I just wish I had more info..  I already had to replace the capacitor on my motor so who knows when the next issue will take place.. the PSI is definitely the easiest.. but the best..  hmmm


----------



## Charlie_W

Another option is to sell your existing lathe and purchase a lathe with variable speed. Either new or used. Depends on the dollars and how much time and energy you want to put into fitting a new motor to your lathe.
Would you rather tinker or turn?

If you catch a sale on a new lathe, you may be ahead as you will have a warranty,new motor, new belt, new bearings, etc.


----------



## wyone

I have considered that.. but trying to buy a new house.. so funds are limited right now.  I have no problem with tinkering to fit.  I have already replaced all the bearings and belt so they are in good shape.  The motor is of course the issue at this point.  Not like I HAVE to have this lathe as I have a larger one, but love turning pens and small things on this lathe.


----------



## Frog Morton

I think it would be great if PSI offered these kits in a 1HP version.

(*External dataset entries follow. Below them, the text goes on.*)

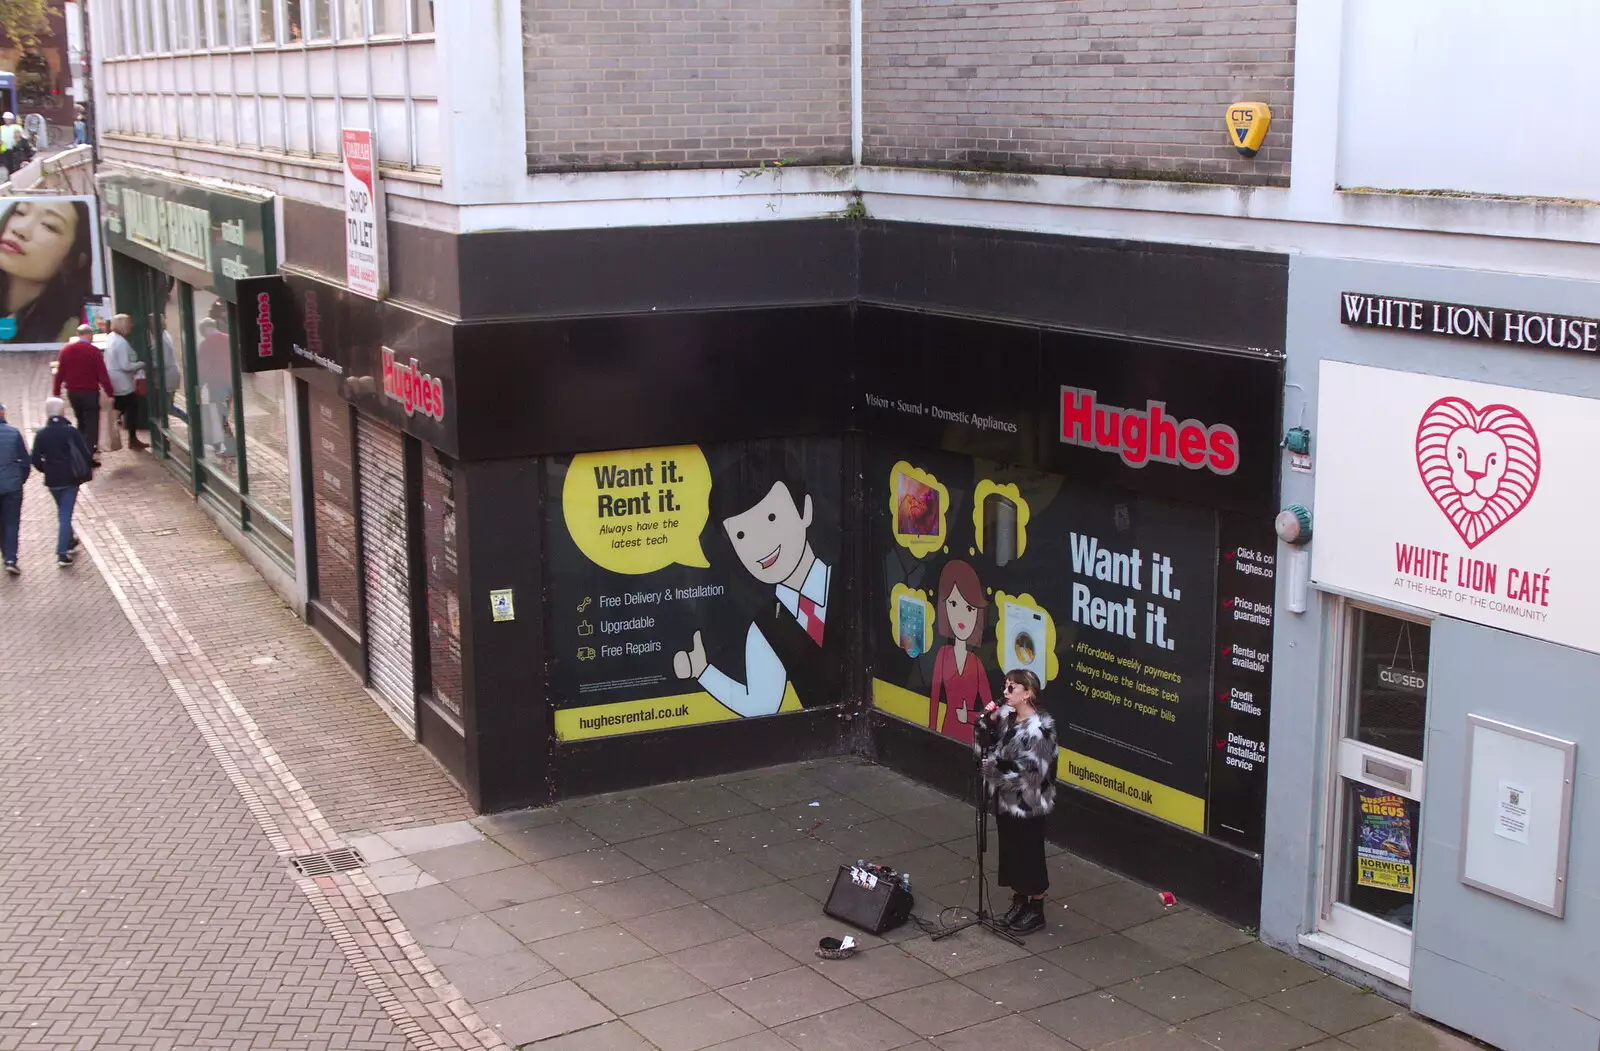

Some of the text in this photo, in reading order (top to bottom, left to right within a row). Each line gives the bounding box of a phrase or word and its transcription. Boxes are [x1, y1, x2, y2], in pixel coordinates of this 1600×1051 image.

[1232, 110, 1253, 121] CTS
[350, 189, 368, 214] SHOP
[348, 218, 373, 249] TO LET
[258, 292, 274, 357] Hughes
[1343, 294, 1599, 352] WHITE LION HOUSE
[382, 345, 445, 423] Hughes
[865, 393, 1018, 433] Vision Sound Domestic Appliances
[1060, 384, 1240, 476] Hughes
[594, 460, 684, 490] Want it.
[598, 489, 681, 518] Rent it.
[600, 518, 679, 536] Always have the
[612, 534, 668, 549] latest tech
[1070, 532, 1181, 601] Want it.
[1237, 547, 1255, 561] Click
[1256, 552, 1262, 562] &
[1396, 542, 1550, 607] WHITE LION CAFÉ
[600, 584, 724, 608] Free Delivery & Installation
[1234, 596, 1252, 610] Price
[1394, 577, 1548, 622] AT THE HEART OF THE COMMUNITY
[600, 616, 655, 634] Upgradable
[1072, 582, 1175, 651] Rent it.
[1234, 610, 1270, 626] guarantee
[601, 640, 662, 658] Free Repairs
[1232, 644, 1256, 660] Rental
[1076, 642, 1182, 684] Affordable weekly payments
[1232, 656, 1265, 673] available
[1076, 662, 1180, 704] Always have the latest tech
[1231, 688, 1253, 702] Credit
[1076, 680, 1176, 723] Say goodbye to repair bills
[1230, 698, 1262, 716] facilities
[579, 704, 689, 730] hughesrental.co.uk
[1228, 732, 1266, 752] Delivery &
[1226, 756, 1253, 771] service
[1068, 760, 1153, 804] hughesrental.co.uk
[1360, 802, 1404, 818] CIRCUS
[1360, 858, 1410, 872] NORWICH

I bet they would sell quite a few, if they were able to keep the price reasonable. 
It would cause a lot of people to want to upgrade not only for the variable speed, but for the bump in power, as well.


----------



## Carl Fisher

so I have this conversion and have had it on one of my lathes for about 3 years now.

Pros: variable speed and easily attaches to the Jet 1014
Cons: Weak motor and it can't hold RPM especially at lower speeds.  

I can turn it on and have it turned to the lowest speed and watch it pulse RPM significantly with no load other than a chuck.  Under load it drives me crazy when it does it.  It's not as noticeable at the higher settings, but absolutely unbearable at the lower range of the dial.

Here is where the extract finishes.